Extracted data:
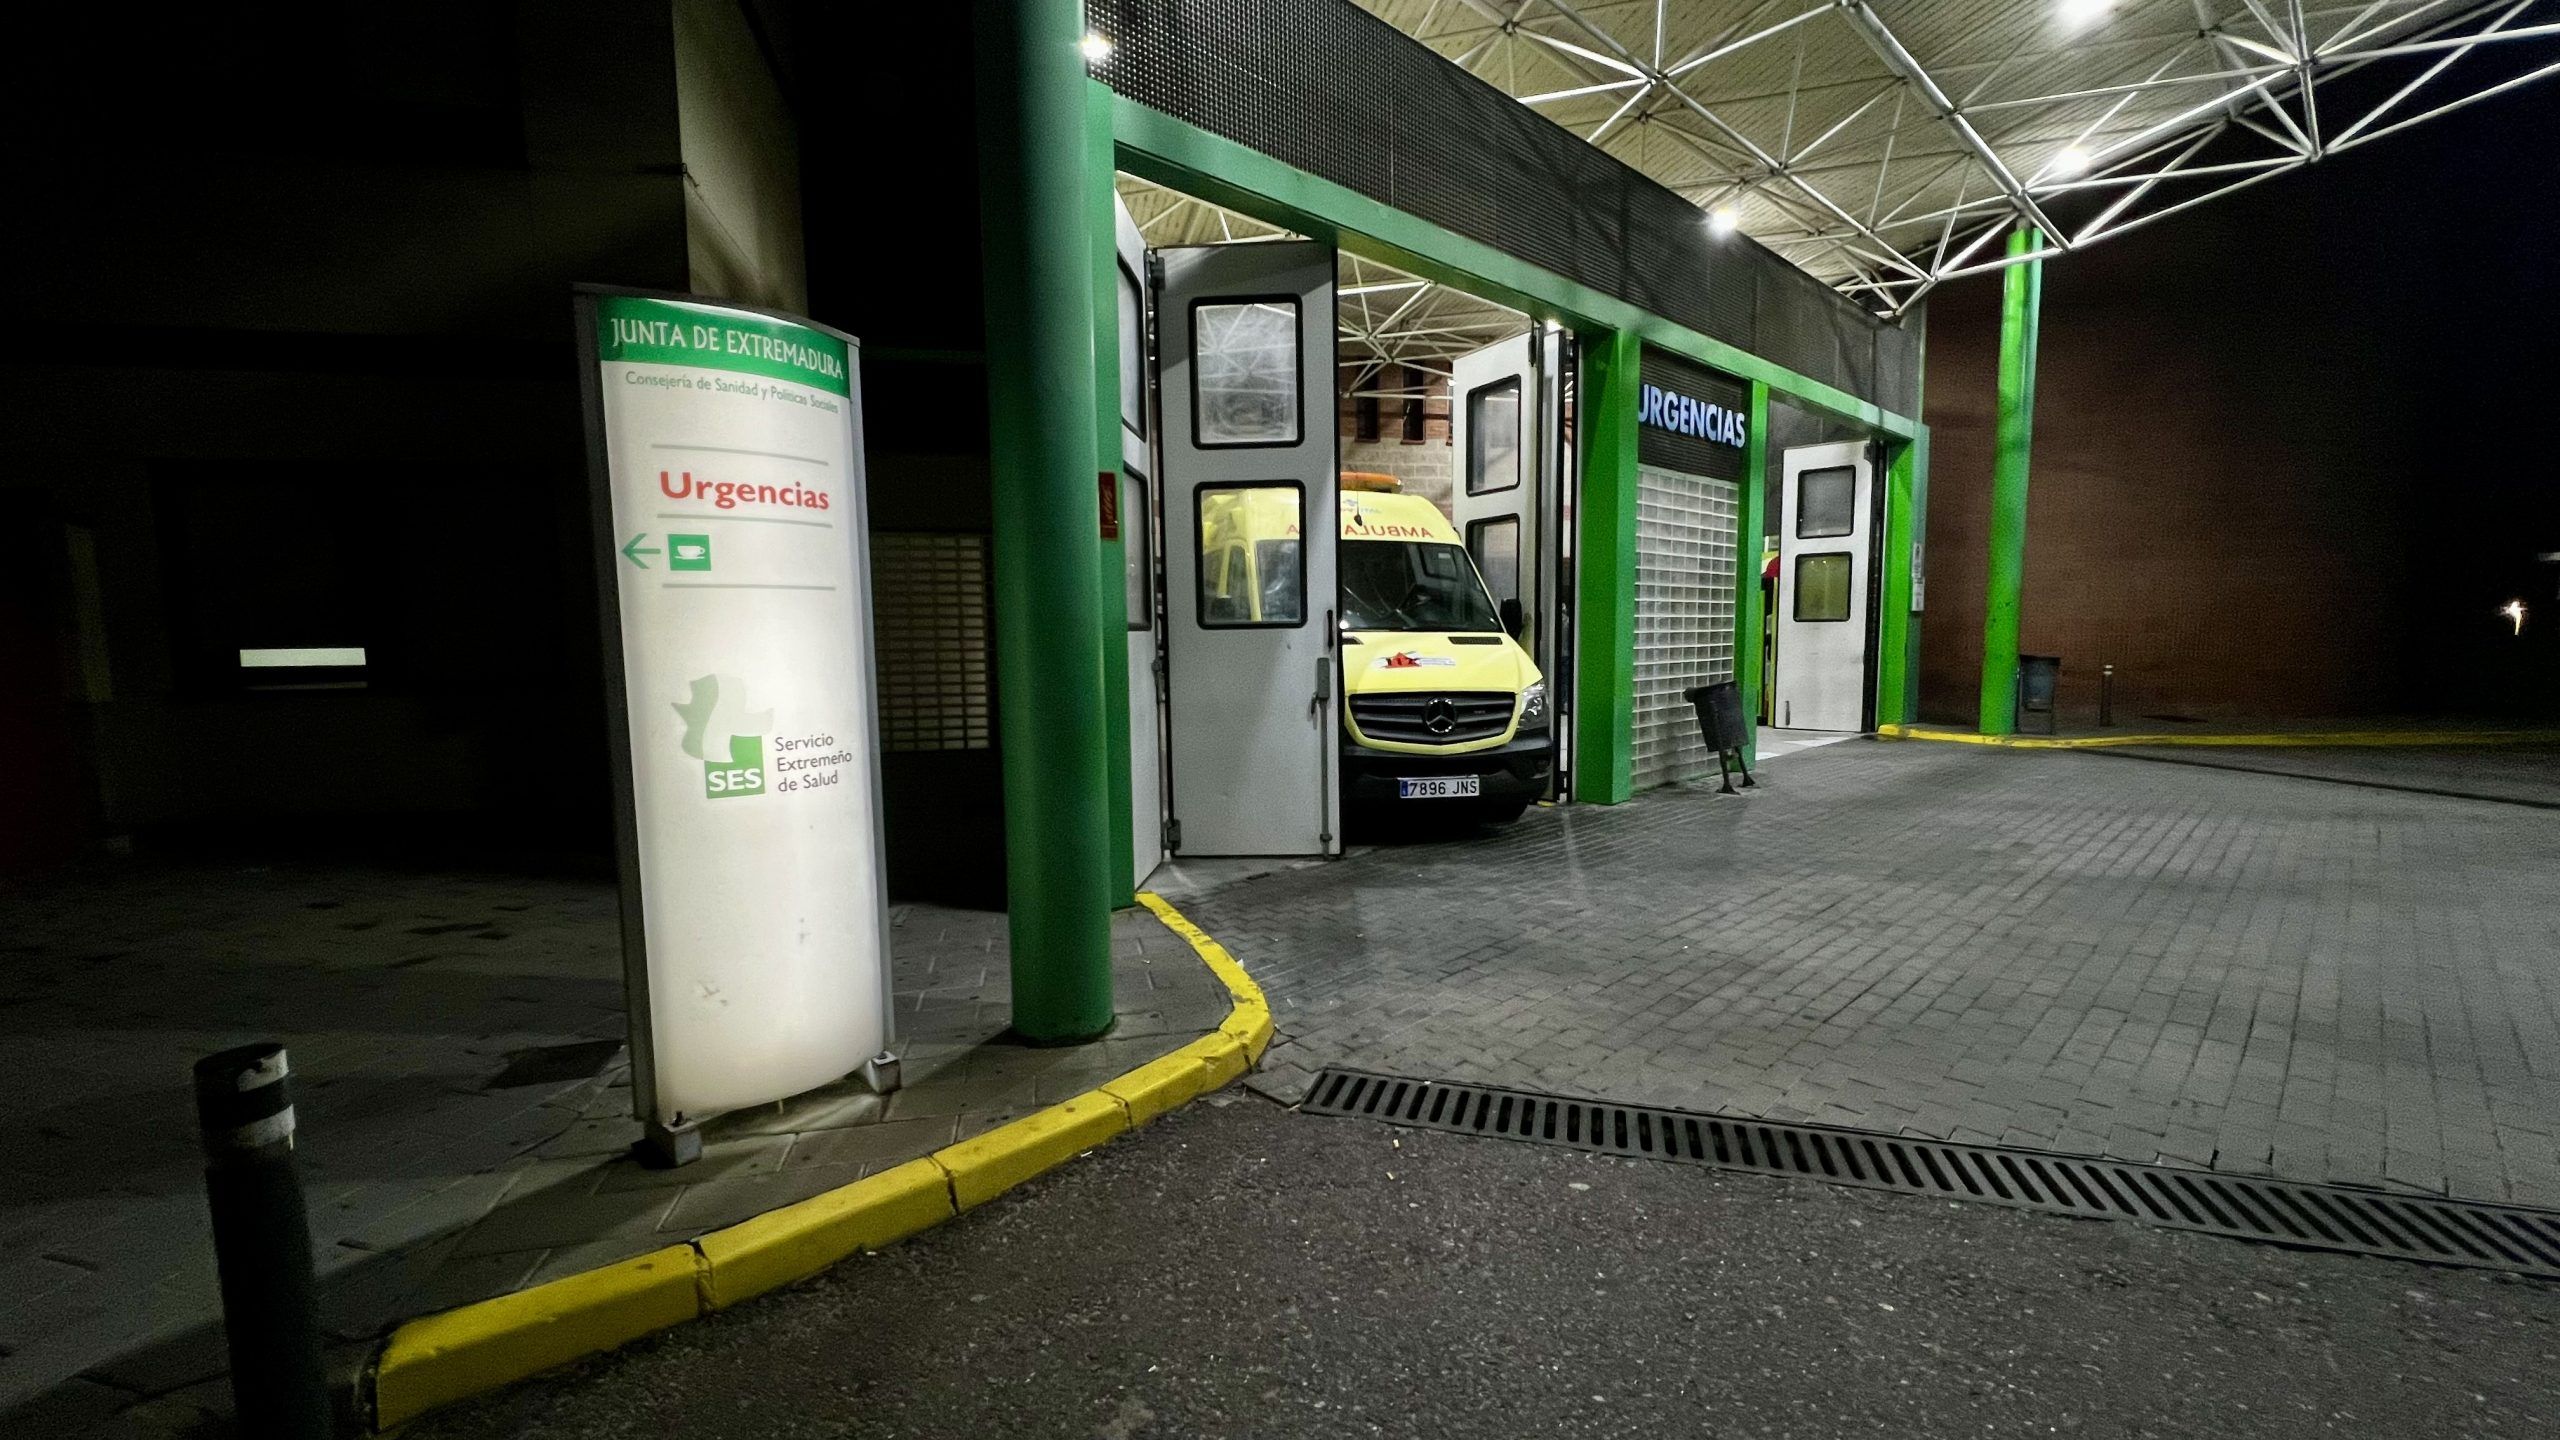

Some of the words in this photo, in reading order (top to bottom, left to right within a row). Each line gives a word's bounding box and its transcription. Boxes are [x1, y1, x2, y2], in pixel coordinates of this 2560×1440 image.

[611, 318, 686, 347] JUNTA
[693, 325, 720, 351] DE
[726, 329, 844, 380] EXTREMADURA
[625, 371, 692, 389] Consejería
[697, 377, 712, 390] de
[715, 378, 759, 396] Sanidad
[761, 386, 767, 400] y
[1638, 384, 1746, 448] URGENCIAS
[660, 471, 830, 510] Urgencias
[775, 733, 834, 752] Servicio
[777, 750, 852, 772] Extremeño
[709, 768, 762, 792] SES
[778, 777, 798, 792] de
[803, 770, 838, 789] Salud
[1408, 782, 1446, 796] 7896
[1452, 780, 1477, 795] JNS

Task item:
Retype all of the data above word for word, excluding the pictures.

Solution:
Some of the words in this photo, in reading order (top to bottom, left to right within a row). Each line gives a word's bounding box and its transcription. Boxes are [x1, y1, x2, y2], in pixel coordinates of this 2560×1440 image.

[611, 318, 686, 347] JUNTA
[693, 325, 720, 351] DE
[726, 329, 844, 380] EXTREMADURA
[625, 371, 692, 389] Consejería
[697, 377, 712, 390] de
[715, 378, 759, 396] Sanidad
[761, 386, 767, 400] y
[1638, 384, 1746, 448] URGENCIAS
[660, 471, 830, 510] Urgencias
[775, 733, 834, 752] Servicio
[777, 750, 852, 772] Extremeño
[709, 768, 762, 792] SES
[778, 777, 798, 792] de
[803, 770, 838, 789] Salud
[1408, 782, 1446, 796] 7896
[1452, 780, 1477, 795] JNS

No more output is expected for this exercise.